Love v. Social Security Administration
MEMORANDUM OPINION AND ORDER affirming the Commissioner's decision. Mr. Love's appeal is denied and the Clerk of Court is directed to close the case. Signed by Magistrate Judge Beth Deere on 5/27/2014. (ks)
IN THE UNITED STATES DISTRICT COURT
EASTERN DISTRICT OF ARKANSAS
GARY WAYNE LOVE
CASE NO. 1:13CV00048-BD
CAROLYN W. COLVIN, Acting Commissioner,
Social Security Administration
MEMORANDUM OPINION AND ORDER
Plaintiff Gary Wayne Love appeals the final decision of the Commissioner of the
Social Security Administration (the “Commissioner”) denying his claims for Disability
Insurance benefits (“DIB”) under Title II of the Social Security Act (the “Act”).1 For
reasons set out below, the decision of the Commissioner is AFFIRMED.

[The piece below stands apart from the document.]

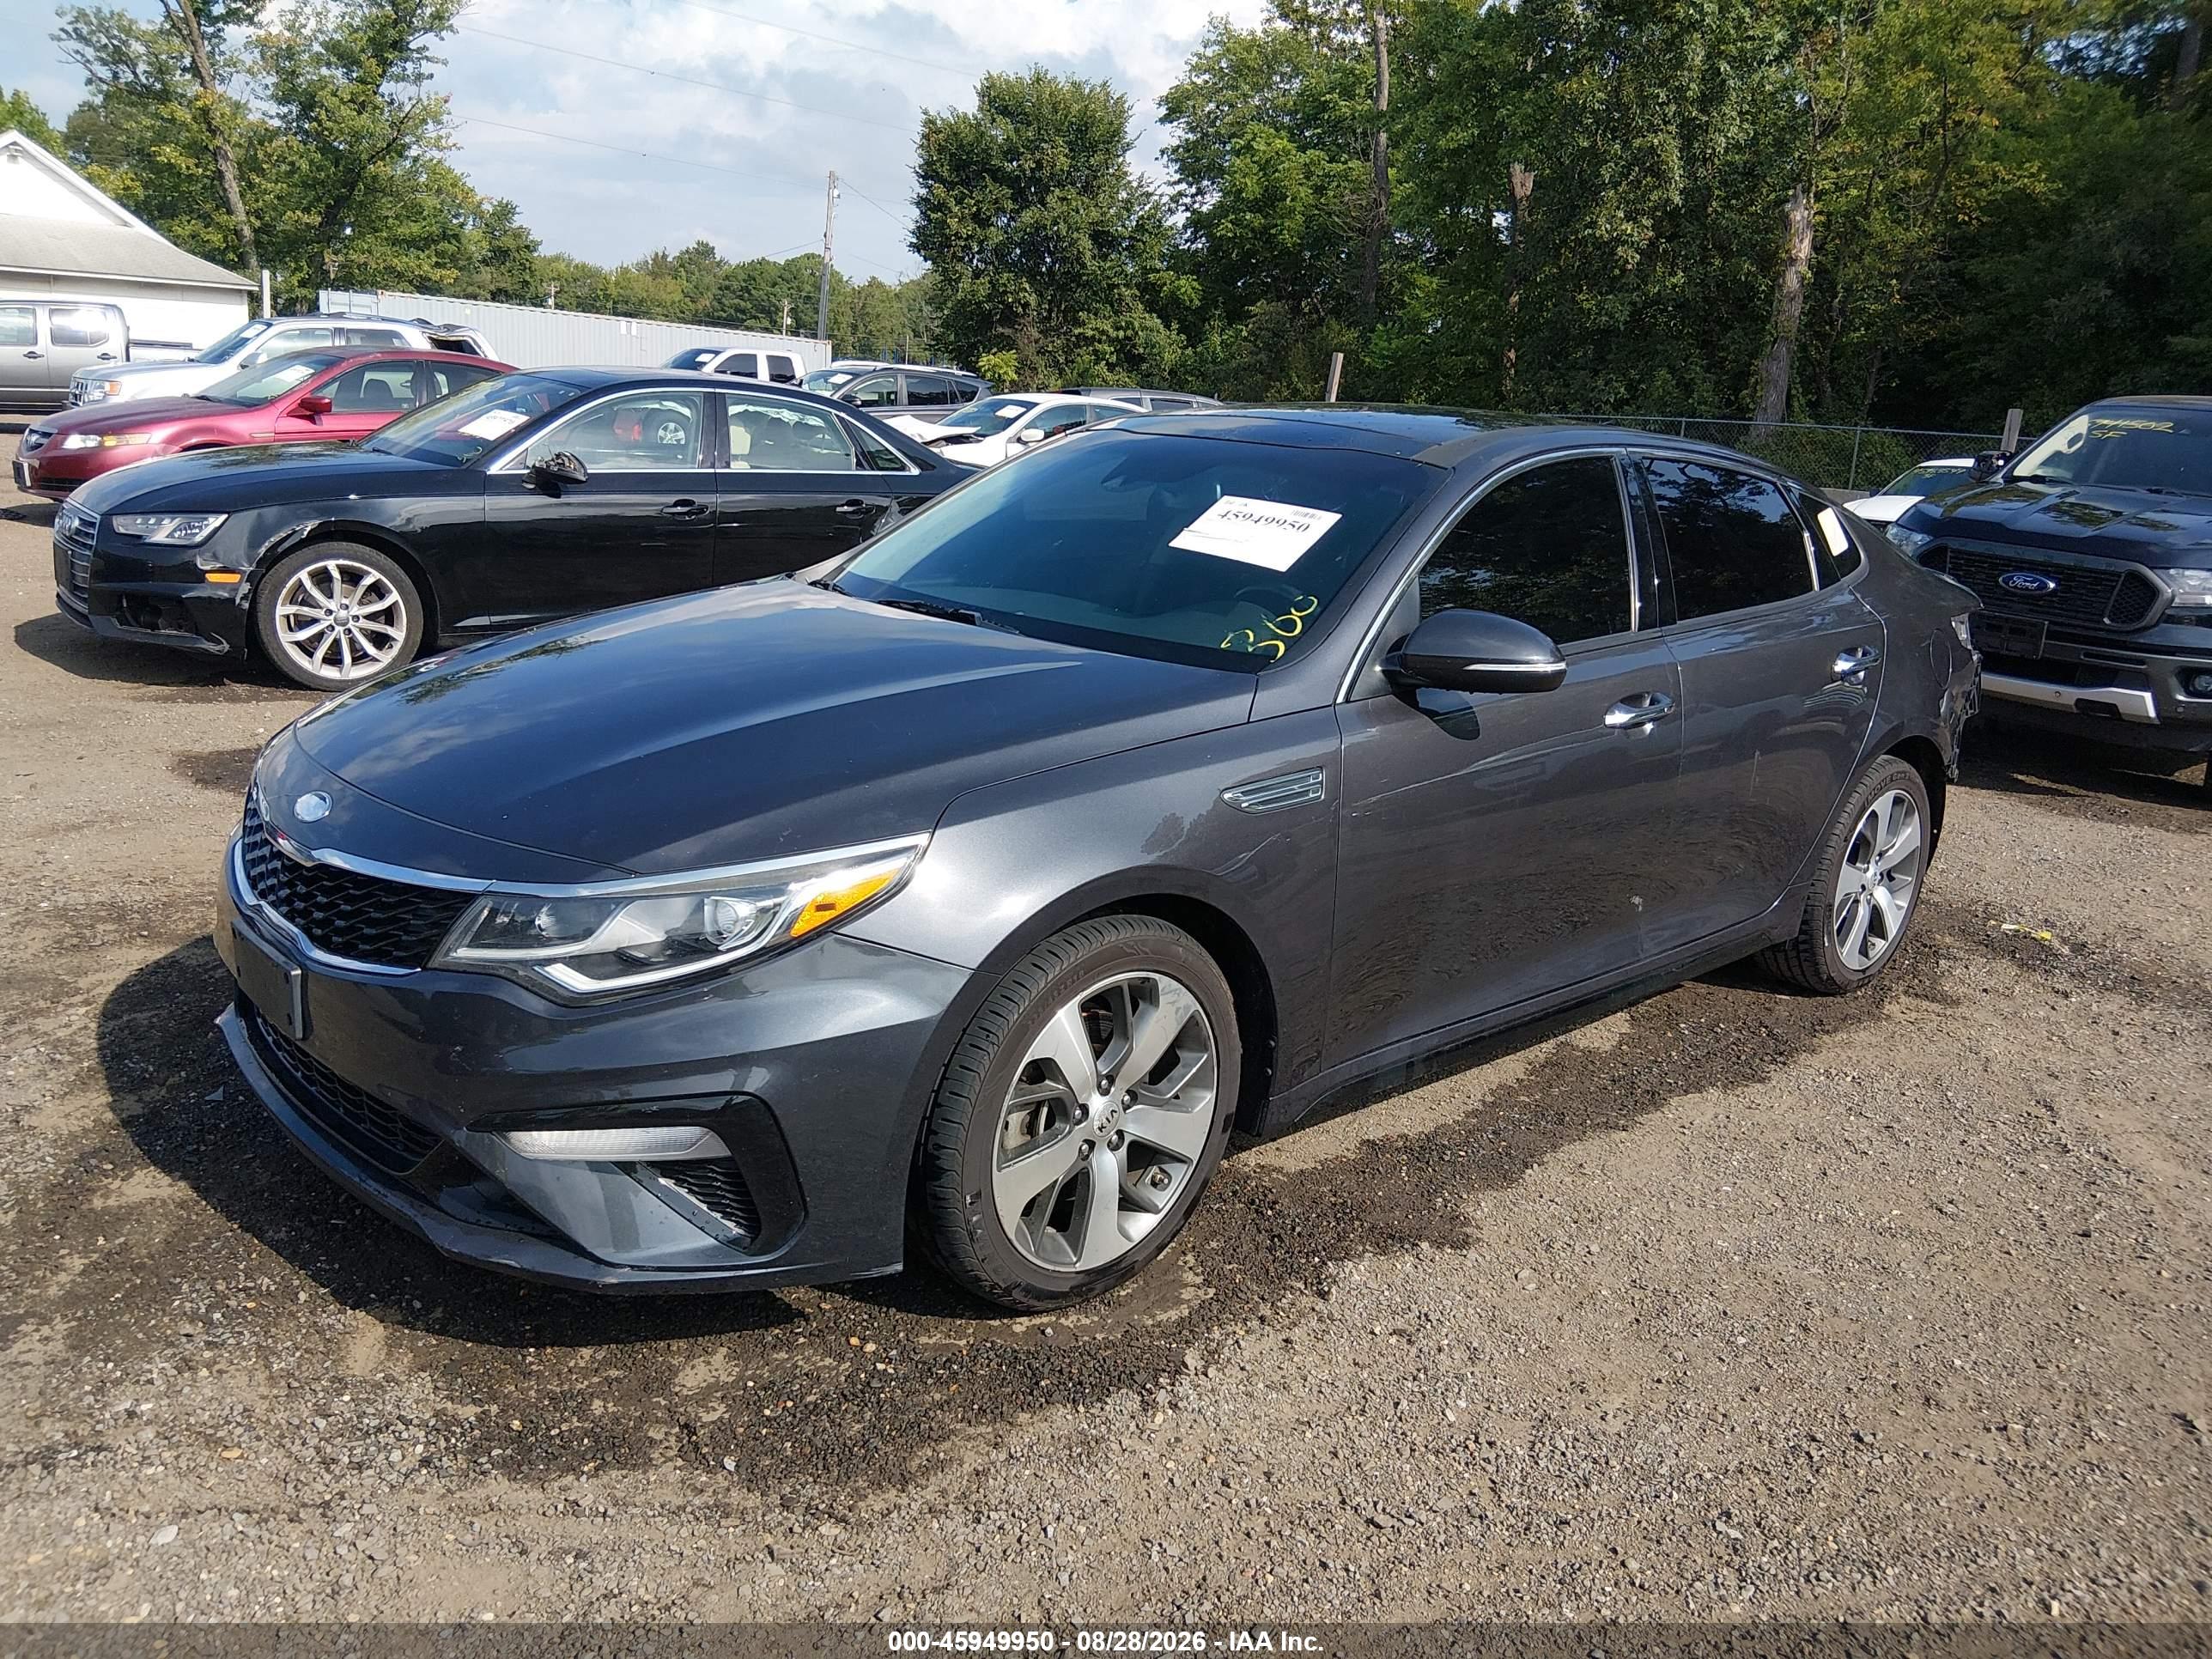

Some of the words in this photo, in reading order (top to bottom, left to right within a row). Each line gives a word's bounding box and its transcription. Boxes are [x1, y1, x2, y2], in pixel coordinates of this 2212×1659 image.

[1218, 509, 1310, 532] 45949950
[2009, 575, 2040, 590] Ford
[1097, 1109, 1118, 1133] KIA

On July 13, 2011, Mr. Love protectively filed for DIB benefits due to post-
traumatic stress disorder (“PTSD”), neck and shoulder problems, and irritable bowel
syndrome. (Tr. 11-12, 140 ) Mr. Love’s claims were denied initially and upon
reconsideration. At Mr. Love’s request, an Administrative Law Judge (“ALJ”) held a
hearing on January 10, 2013 where Mr. Love appeared with his lawyer. (Tr. 21) At the
hearing, the ALJ heard testimony from Mr. Love and a vocational expert (“VE”). (Tr. 2246)
At the administrative hearing, Mr. Love’s attorney asked to amend the disability
application to accept a claim for Supplemental Security Income under Title XVI. (Tr. 2426) The ALJ denied the request due to Mr. Love’s resources. (Tr. 9) Mr. Love does not
challenge that decision in this case.
The ALJ issued a decision on February 22, 2013, finding that Mr. Love was not
disabled under the Act. (Tr. 9-17) On April 3, 2013, the Appeals Council denied Mr.
Love’s request for review, making the ALJ’s decision the Commissioner’s final decision.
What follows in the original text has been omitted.